Source data

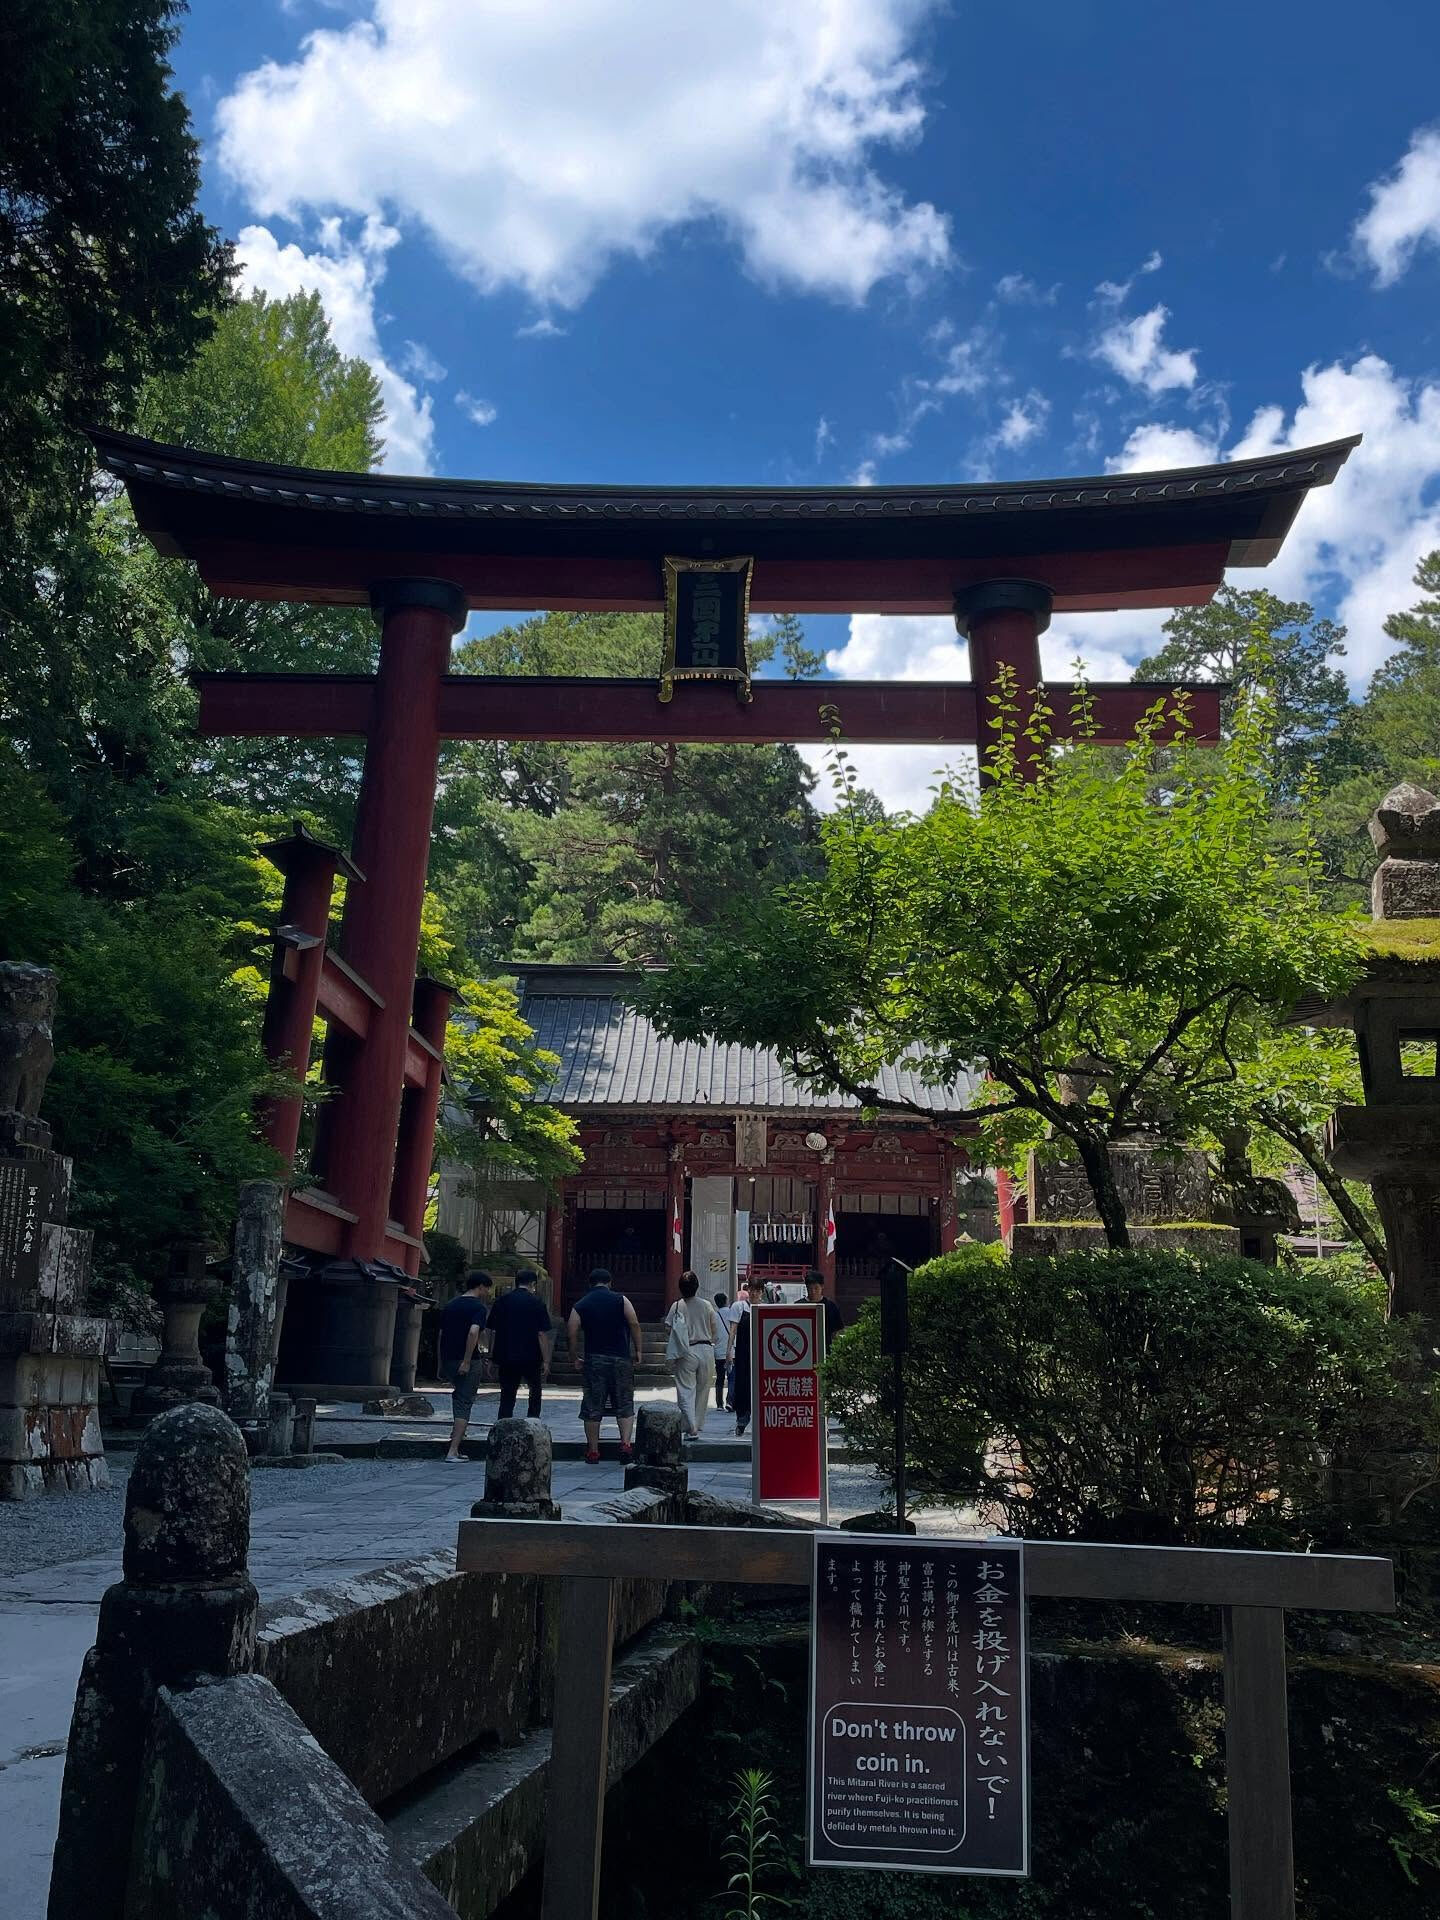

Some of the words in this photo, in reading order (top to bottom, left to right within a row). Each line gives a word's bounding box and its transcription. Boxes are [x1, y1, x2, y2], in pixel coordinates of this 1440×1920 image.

[764, 1376, 813, 1397] 火気厳禁
[764, 1405, 778, 1428] NO
[778, 1405, 814, 1416] OPEN
[778, 1416, 814, 1428] FLAME
[826, 1558, 838, 1592] ます。
[898, 1561, 912, 1653] 神聖な川です。
[873, 1559, 888, 1688] 投げ込まれたお金に
[832, 1718, 888, 1739] Don't
[893, 1720, 956, 1742] throw
[856, 1752, 899, 1772] coin
[905, 1753, 930, 1774] in.
[827, 1776, 846, 1786] This
[848, 1777, 876, 1788] Mitarai
[878, 1778, 900, 1788] River
[901, 1780, 909, 1789] is
[910, 1781, 916, 1789] a
[917, 1781, 946, 1791] sacred
[827, 1792, 846, 1801] river
[847, 1793, 874, 1802] where
[875, 1793, 905, 1804] Fuji-ko
[906, 1795, 959, 1806] practitioners
[827, 1807, 851, 1818] purify
[853, 1807, 902, 1818] themselves.
[904, 1809, 910, 1819] It
[912, 1811, 920, 1819] is
[921, 1811, 945, 1822] being
[827, 1821, 856, 1831] defiled
[857, 1822, 867, 1833] by
[869, 1823, 897, 1833] metals
[899, 1824, 928, 1835] thrown
[930, 1826, 947, 1836] into
[948, 1827, 957, 1837] it.
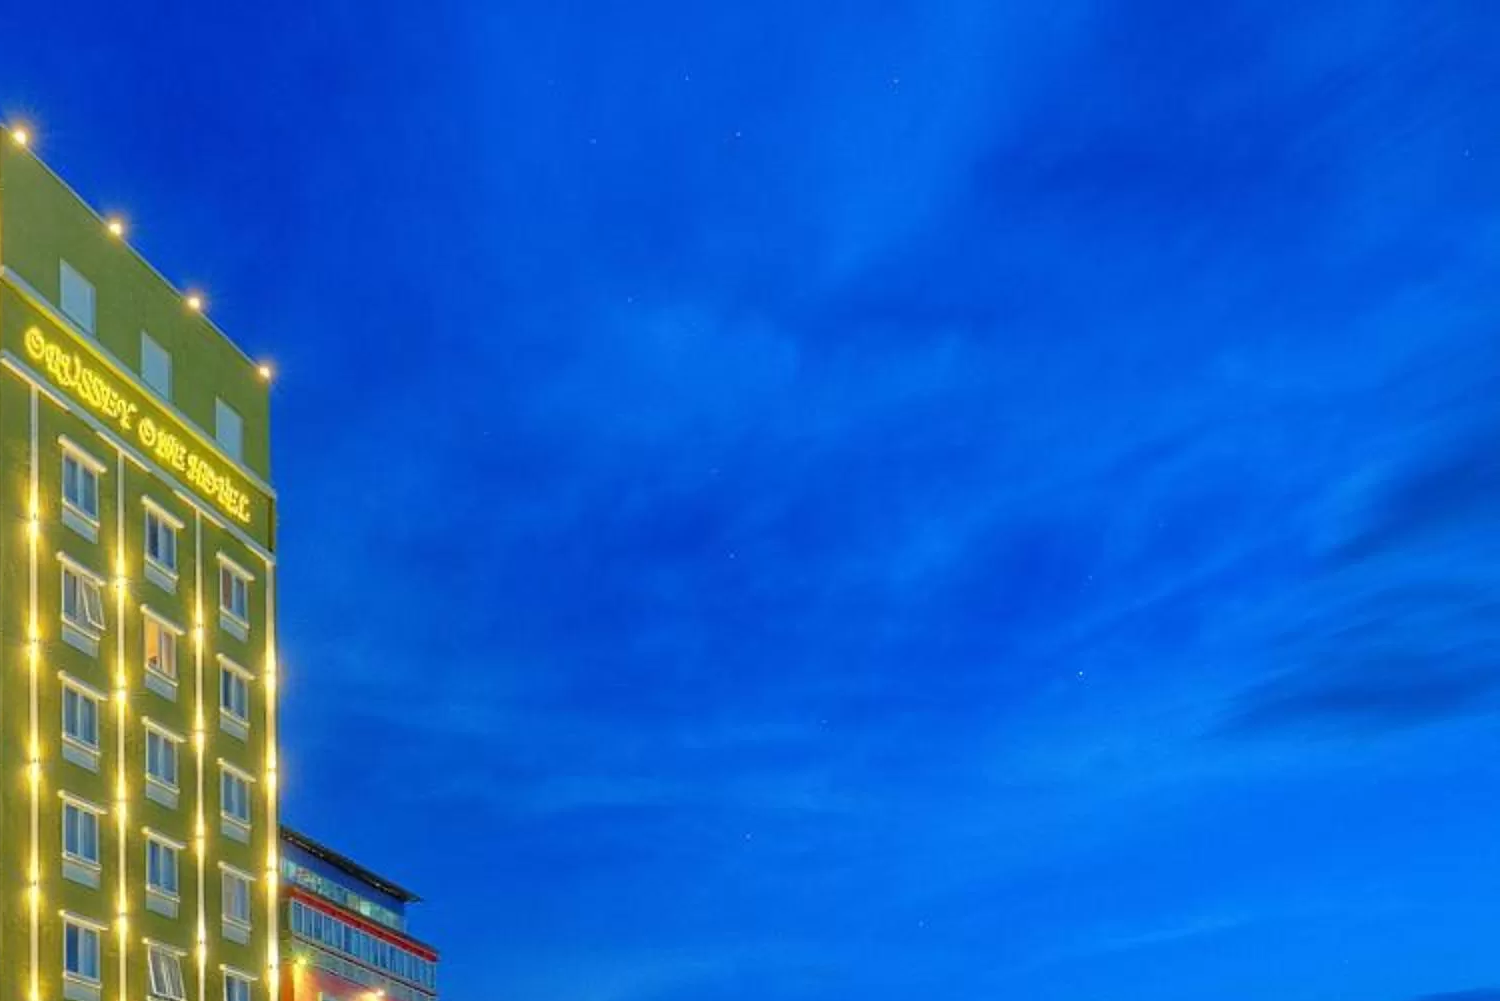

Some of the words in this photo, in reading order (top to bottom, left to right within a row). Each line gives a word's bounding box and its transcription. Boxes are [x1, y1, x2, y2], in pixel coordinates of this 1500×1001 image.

> **Try it**:
Each entry is to be returned precisely as it appears, but the pictures are to be dropped.

> **Solution to this exercise**:
Some of the words in this photo, in reading order (top to bottom, left to right within a row). Each line gives a word's bounding box and its transcription. Boxes are [x1, y1, x2, y2], in pixel coordinates of this 1440×1920 image.

[764, 1376, 813, 1397] 火気厳禁
[764, 1405, 778, 1428] NO
[778, 1405, 814, 1416] OPEN
[778, 1416, 814, 1428] FLAME
[826, 1558, 838, 1592] ます。
[898, 1561, 912, 1653] 神聖な川です。
[873, 1559, 888, 1688] 投げ込まれたお金に
[832, 1718, 888, 1739] Don't
[893, 1720, 956, 1742] throw
[856, 1752, 899, 1772] coin
[905, 1753, 930, 1774] in.
[827, 1776, 846, 1786] This
[848, 1777, 876, 1788] Mitarai
[878, 1778, 900, 1788] River
[901, 1780, 909, 1789] is
[910, 1781, 916, 1789] a
[917, 1781, 946, 1791] sacred
[827, 1792, 846, 1801] river
[847, 1793, 874, 1802] where
[875, 1793, 905, 1804] Fuji-ko
[906, 1795, 959, 1806] practitioners
[827, 1807, 851, 1818] purify
[853, 1807, 902, 1818] themselves.
[904, 1809, 910, 1819] It
[912, 1811, 920, 1819] is
[921, 1811, 945, 1822] being
[827, 1821, 856, 1831] defiled
[857, 1822, 867, 1833] by
[869, 1823, 897, 1833] metals
[899, 1824, 928, 1835] thrown
[930, 1826, 947, 1836] into
[948, 1827, 957, 1837] it.

Some of the words in this photo, in reading order (top to bottom, left to right within a row). Each line gives a word's bounding box and its transcription. Boxes are [x1, y1, x2, y2], in pixel coordinates of this 1500×1001 image.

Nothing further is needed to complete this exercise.